● DATA SHOWN

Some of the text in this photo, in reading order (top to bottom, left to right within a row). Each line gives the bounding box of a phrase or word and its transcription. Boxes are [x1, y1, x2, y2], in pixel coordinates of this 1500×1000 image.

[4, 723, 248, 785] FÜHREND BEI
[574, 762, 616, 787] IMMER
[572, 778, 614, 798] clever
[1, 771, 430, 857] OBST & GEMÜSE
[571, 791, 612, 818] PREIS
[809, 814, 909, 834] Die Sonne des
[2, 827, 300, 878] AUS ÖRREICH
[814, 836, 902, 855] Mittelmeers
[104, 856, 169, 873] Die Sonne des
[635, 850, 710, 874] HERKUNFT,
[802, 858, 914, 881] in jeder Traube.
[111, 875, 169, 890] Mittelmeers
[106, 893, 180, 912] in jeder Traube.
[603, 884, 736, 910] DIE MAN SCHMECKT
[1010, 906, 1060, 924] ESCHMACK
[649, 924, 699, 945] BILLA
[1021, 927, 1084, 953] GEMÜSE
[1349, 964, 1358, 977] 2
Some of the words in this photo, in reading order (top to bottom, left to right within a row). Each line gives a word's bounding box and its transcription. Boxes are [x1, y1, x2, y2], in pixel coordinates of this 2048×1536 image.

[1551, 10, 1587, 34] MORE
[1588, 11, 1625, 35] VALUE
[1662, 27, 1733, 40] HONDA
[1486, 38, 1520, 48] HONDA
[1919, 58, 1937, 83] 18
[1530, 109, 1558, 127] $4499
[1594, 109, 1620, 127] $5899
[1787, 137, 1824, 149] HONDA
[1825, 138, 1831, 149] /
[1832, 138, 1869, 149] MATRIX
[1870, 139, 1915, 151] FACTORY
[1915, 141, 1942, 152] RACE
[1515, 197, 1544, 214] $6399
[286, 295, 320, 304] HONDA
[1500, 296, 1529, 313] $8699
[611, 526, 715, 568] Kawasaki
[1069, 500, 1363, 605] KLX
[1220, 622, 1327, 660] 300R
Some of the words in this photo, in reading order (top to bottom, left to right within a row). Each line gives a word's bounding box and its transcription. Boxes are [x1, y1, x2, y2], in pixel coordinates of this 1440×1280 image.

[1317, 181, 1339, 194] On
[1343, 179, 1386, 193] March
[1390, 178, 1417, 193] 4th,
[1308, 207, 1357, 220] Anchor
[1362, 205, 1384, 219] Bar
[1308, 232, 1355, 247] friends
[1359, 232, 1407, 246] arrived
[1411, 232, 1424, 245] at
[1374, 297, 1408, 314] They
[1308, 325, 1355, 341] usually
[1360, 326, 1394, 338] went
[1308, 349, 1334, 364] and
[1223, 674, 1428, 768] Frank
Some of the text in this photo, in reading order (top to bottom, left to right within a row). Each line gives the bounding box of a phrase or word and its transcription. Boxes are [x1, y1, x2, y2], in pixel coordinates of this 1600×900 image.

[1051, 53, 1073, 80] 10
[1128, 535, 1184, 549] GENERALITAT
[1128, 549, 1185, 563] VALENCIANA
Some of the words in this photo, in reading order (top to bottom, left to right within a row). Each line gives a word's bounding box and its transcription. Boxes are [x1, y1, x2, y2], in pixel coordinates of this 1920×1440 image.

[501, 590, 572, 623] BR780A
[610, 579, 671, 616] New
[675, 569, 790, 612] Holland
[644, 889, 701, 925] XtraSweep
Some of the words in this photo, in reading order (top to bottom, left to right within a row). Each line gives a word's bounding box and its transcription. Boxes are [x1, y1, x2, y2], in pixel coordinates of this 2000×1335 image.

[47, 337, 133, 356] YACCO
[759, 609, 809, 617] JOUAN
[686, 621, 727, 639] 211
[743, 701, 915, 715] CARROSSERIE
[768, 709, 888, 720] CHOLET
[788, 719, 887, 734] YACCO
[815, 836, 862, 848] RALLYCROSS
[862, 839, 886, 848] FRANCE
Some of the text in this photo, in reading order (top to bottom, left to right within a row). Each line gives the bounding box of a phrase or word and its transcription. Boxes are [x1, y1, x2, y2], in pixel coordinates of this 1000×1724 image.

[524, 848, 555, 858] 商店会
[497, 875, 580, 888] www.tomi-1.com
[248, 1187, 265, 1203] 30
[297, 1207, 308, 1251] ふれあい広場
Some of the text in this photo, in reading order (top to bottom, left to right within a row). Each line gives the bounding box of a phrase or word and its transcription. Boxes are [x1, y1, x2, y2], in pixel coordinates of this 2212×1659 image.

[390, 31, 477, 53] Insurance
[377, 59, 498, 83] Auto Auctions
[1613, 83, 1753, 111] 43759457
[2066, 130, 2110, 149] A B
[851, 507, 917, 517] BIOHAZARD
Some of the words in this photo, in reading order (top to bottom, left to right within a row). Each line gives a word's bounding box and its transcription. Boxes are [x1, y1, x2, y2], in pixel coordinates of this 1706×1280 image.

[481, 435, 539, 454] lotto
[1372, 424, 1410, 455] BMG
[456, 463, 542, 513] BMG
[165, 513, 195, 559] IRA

● REQUIRED WORK
Copy the listing exactly as it stands.

● YOUR SOLUTION
Some of the text in this photo, in reading order (top to bottom, left to right within a row). Each line gives the bounding box of a phrase or word and its transcription. Boxes are [x1, y1, x2, y2], in pixel coordinates of this 1500×1000 image.

[4, 723, 248, 785] FÜHREND BEI
[574, 762, 616, 787] IMMER
[572, 778, 614, 798] clever
[1, 771, 430, 857] OBST & GEMÜSE
[571, 791, 612, 818] PREIS
[809, 814, 909, 834] Die Sonne des
[2, 827, 300, 878] AUS ÖRREICH
[814, 836, 902, 855] Mittelmeers
[104, 856, 169, 873] Die Sonne des
[635, 850, 710, 874] HERKUNFT,
[802, 858, 914, 881] in jeder Traube.
[111, 875, 169, 890] Mittelmeers
[106, 893, 180, 912] in jeder Traube.
[603, 884, 736, 910] DIE MAN SCHMECKT
[1010, 906, 1060, 924] ESCHMACK
[649, 924, 699, 945] BILLA
[1021, 927, 1084, 953] GEMÜSE
[1349, 964, 1358, 977] 2
Some of the words in this photo, in reading order (top to bottom, left to right within a row). Each line gives a word's bounding box and its transcription. Boxes are [x1, y1, x2, y2], in pixel coordinates of this 2048×1536 image.

[1551, 10, 1587, 34] MORE
[1588, 11, 1625, 35] VALUE
[1662, 27, 1733, 40] HONDA
[1486, 38, 1520, 48] HONDA
[1919, 58, 1937, 83] 18
[1530, 109, 1558, 127] $4499
[1594, 109, 1620, 127] $5899
[1787, 137, 1824, 149] HONDA
[1825, 138, 1831, 149] /
[1832, 138, 1869, 149] MATRIX
[1870, 139, 1915, 151] FACTORY
[1915, 141, 1942, 152] RACE
[1515, 197, 1544, 214] $6399
[286, 295, 320, 304] HONDA
[1500, 296, 1529, 313] $8699
[611, 526, 715, 568] Kawasaki
[1069, 500, 1363, 605] KLX
[1220, 622, 1327, 660] 300R
Some of the words in this photo, in reading order (top to bottom, left to right within a row). Each line gives a word's bounding box and its transcription. Boxes are [x1, y1, x2, y2], in pixel coordinates of this 1440×1280 image.

[1317, 181, 1339, 194] On
[1343, 179, 1386, 193] March
[1390, 178, 1417, 193] 4th,
[1308, 207, 1357, 220] Anchor
[1362, 205, 1384, 219] Bar
[1308, 232, 1355, 247] friends
[1359, 232, 1407, 246] arrived
[1411, 232, 1424, 245] at
[1374, 297, 1408, 314] They
[1308, 325, 1355, 341] usually
[1360, 326, 1394, 338] went
[1308, 349, 1334, 364] and
[1223, 674, 1428, 768] Frank
Some of the text in this photo, in reading order (top to bottom, left to right within a row). Each line gives the bounding box of a phrase or word and its transcription. Boxes are [x1, y1, x2, y2], in pixel coordinates of this 1600×900 image.

[1051, 53, 1073, 80] 10
[1128, 535, 1184, 549] GENERALITAT
[1128, 549, 1185, 563] VALENCIANA
Some of the words in this photo, in reading order (top to bottom, left to right within a row). Each line gives a word's bounding box and its transcription. Boxes are [x1, y1, x2, y2], in pixel coordinates of this 1920×1440 image.

[501, 590, 572, 623] BR780A
[610, 579, 671, 616] New
[675, 569, 790, 612] Holland
[644, 889, 701, 925] XtraSweep
Some of the words in this photo, in reading order (top to bottom, left to right within a row). Each line gives a word's bounding box and its transcription. Boxes are [x1, y1, x2, y2], in pixel coordinates of this 2000×1335 image.

[47, 337, 133, 356] YACCO
[759, 609, 809, 617] JOUAN
[686, 621, 727, 639] 211
[743, 701, 915, 715] CARROSSERIE
[768, 709, 888, 720] CHOLET
[788, 719, 887, 734] YACCO
[815, 836, 862, 848] RALLYCROSS
[862, 839, 886, 848] FRANCE
Some of the text in this photo, in reading order (top to bottom, left to right within a row). Each line gives the bounding box of a phrase or word and its transcription. Boxes are [x1, y1, x2, y2], in pixel coordinates of this 1000×1724 image.

[524, 848, 555, 858] 商店会
[497, 875, 580, 888] www.tomi-1.com
[248, 1187, 265, 1203] 30
[297, 1207, 308, 1251] ふれあい広場
Some of the text in this photo, in reading order (top to bottom, left to right within a row). Each line gives the bounding box of a phrase or word and its transcription. Boxes are [x1, y1, x2, y2], in pixel coordinates of this 2212×1659 image.

[390, 31, 477, 53] Insurance
[377, 59, 498, 83] Auto Auctions
[1613, 83, 1753, 111] 43759457
[2066, 130, 2110, 149] A B
[851, 507, 917, 517] BIOHAZARD
Some of the words in this photo, in reading order (top to bottom, left to right within a row). Each line gives a word's bounding box and its transcription. Boxes are [x1, y1, x2, y2], in pixel coordinates of this 1706×1280 image.

[481, 435, 539, 454] lotto
[1372, 424, 1410, 455] BMG
[456, 463, 542, 513] BMG
[165, 513, 195, 559] IRA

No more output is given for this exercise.